Often we do know what is missing until it is taken away. We miss what we had. In a similar vein we do not understand the significance of what is not missing from our lives because it was never there.
For this reason, tradition dictates that we recite a litany of blessings each day; acknowledging the critical value of our eyesight, the ability to be mobile, our breath… The Talmud teaches that we need to say at least one hundred blessings every day. The underlying rationale is that we need to learn how to appreciate all the things that are not wrong in our lives.
A man was hospitalized and nearly died from toxins backing up in his body. When I sat with him during his surgical recovery he passionately told me, “Rabbi, I will never take that blessing we say for moving our bowels for granted!” (p. 63 in Sim Shalom)
Each morning as I wrap myself in my tallit preparing to daven, I thank the Holy One for a new day, making me in G-d’s image (with nearly unlimited untapped potential), restoring my soul, my vision, blessing me with legs that work, a functional mind, a body that works as it is supposed to… and for not being a slave.
When we make Kiddush on Shabbat we say, zecher l’tziat mitzrayim, “remember the liberation from Egypt.” We sing those words often as it expresses gratitude for being freed from slavery. Freedom is essential and needful for all people. That message is reinforced time and again throughout our prayers so that we feel the gift of freedom, G-d’s beneficence and the critical importance of emancipating the oppressed, the enslaved.
Passover is upon us and we retell the great story of our liberation. Why do we read of the great miracles, the Ten Plagues, the parting of the Sea, and the manna in the desert as gifts from G-d? We recite them because it reinforces the meaning of our existence in the world, imatio Dei, behaving like G-d. Rabbi Moshe, a Hasidic sage, was known to say, “If someone comes to you and asks your help, you shall not say pious words like, ‘Have faith and take your troubles to God!’ You shall act as if there were no God, as if there were only one person in all the world who could help this person - only yourself.”
Appreciation our freedom allows us to understand G-d’s great gift and the need to insure that no one is a slave today. What moves us to work to unshackle the enslaved (think of children and women bought and sold and consider the slave labor camps of North Korea and in China)?
As we approach Pesach we are compelled to face the reality of the ultimate cruelty that humans do to one another. Those who survived the Holocaust understand the ramifications of the brutality of forced labor and labeling people as sub-human and therefore expendable. In America, and virtually every part of the world, human trafficking and enslavement have been part of its history.
Abraham Lincoln said, “As I would not be a slave, so I would not be a master.” He, who saw the savagery of slavery, was empathic enough to realize that the pain caused to human beings by enslavement has no cost benefit; it only poisons the soul.

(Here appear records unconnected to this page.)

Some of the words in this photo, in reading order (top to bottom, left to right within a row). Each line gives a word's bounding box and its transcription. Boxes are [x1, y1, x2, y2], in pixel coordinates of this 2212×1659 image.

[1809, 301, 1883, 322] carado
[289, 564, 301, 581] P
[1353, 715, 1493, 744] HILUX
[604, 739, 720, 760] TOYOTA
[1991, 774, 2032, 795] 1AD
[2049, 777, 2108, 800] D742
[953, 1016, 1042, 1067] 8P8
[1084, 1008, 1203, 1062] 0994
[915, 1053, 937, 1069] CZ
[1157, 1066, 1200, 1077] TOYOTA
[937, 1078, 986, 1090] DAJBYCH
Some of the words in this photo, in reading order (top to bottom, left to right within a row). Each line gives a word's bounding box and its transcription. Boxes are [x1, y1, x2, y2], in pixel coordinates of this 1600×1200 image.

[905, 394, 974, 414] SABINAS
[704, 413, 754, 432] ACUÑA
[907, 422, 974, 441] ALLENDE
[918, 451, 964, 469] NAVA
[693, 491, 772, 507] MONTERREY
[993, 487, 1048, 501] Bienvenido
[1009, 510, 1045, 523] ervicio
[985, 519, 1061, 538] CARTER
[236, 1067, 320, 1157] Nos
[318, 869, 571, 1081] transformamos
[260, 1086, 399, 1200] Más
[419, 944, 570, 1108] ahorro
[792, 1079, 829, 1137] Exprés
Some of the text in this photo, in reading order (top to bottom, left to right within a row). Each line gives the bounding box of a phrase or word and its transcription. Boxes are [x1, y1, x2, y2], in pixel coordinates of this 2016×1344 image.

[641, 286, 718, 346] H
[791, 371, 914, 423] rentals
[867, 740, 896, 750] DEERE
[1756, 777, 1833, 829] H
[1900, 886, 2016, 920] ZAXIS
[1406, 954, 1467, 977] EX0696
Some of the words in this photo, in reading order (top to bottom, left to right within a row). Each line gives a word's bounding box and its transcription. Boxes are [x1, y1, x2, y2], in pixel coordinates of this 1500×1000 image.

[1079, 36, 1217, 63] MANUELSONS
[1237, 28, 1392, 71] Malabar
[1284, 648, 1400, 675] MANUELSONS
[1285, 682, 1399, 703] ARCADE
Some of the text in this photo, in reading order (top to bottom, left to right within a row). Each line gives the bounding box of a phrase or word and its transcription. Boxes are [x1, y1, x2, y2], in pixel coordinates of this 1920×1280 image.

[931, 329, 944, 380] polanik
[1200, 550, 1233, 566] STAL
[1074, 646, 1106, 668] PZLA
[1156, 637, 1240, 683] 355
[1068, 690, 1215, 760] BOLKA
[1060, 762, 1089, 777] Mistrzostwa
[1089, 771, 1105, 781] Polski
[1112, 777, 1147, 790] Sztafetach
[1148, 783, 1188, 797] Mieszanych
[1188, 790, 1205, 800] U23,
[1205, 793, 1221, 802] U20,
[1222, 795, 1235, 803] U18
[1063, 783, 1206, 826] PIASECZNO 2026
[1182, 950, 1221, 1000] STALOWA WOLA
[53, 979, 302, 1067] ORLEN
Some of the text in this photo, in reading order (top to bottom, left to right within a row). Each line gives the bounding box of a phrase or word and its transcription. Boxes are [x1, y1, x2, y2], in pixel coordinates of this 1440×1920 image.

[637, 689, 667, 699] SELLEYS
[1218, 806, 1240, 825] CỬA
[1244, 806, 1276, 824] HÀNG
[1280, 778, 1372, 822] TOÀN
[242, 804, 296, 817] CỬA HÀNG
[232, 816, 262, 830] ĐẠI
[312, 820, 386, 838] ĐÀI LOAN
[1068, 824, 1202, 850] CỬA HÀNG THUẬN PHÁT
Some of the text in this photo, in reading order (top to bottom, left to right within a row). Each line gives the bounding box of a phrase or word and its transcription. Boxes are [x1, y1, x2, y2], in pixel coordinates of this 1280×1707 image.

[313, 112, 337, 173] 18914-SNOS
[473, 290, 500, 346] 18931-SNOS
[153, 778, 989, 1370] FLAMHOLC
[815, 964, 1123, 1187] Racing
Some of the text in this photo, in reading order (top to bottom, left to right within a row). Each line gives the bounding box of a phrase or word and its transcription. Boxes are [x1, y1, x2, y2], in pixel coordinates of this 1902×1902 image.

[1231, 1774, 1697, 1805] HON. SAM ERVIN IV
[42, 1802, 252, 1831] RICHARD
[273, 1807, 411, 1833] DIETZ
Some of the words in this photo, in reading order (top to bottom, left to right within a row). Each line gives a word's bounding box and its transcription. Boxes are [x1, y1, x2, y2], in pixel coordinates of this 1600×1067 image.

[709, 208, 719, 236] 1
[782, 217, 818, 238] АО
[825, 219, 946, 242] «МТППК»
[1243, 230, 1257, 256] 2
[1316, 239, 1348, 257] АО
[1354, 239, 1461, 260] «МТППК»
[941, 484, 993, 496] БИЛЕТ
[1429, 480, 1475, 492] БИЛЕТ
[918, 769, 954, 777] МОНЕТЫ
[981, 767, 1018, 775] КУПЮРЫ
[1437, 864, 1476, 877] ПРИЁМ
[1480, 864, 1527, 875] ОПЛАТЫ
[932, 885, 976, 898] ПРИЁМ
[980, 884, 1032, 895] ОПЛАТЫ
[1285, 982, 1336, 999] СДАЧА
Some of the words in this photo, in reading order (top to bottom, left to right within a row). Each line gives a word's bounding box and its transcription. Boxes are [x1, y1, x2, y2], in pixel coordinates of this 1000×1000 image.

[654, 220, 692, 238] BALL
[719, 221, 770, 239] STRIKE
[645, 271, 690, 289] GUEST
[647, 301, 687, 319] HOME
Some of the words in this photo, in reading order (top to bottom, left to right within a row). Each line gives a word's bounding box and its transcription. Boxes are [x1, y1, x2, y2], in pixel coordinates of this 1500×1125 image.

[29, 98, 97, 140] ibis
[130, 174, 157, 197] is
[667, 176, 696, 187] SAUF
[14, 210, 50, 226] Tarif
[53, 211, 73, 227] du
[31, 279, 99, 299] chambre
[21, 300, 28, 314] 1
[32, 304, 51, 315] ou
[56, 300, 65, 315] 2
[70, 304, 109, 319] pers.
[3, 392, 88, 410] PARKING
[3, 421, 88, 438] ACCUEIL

The scholar Hillel also understood the power of pathos for another human being when he pronounced, “What is hurtful to you do not do to others.”
On Pesach we reawaken to the painful realities of life. We are free and that is a gift not to be taken for granted. Others still suffer under the scorching heat of servitude. I hope that we can find meaning in our freedom this year as we sit and celebrate the marvelous gift we have been fortunate to be born into. At the same time I hope we will speak at our seder tables and commit work to unbind the fetters of those who are still not free.
May this be our focus and prayer of the holy night of Pesach.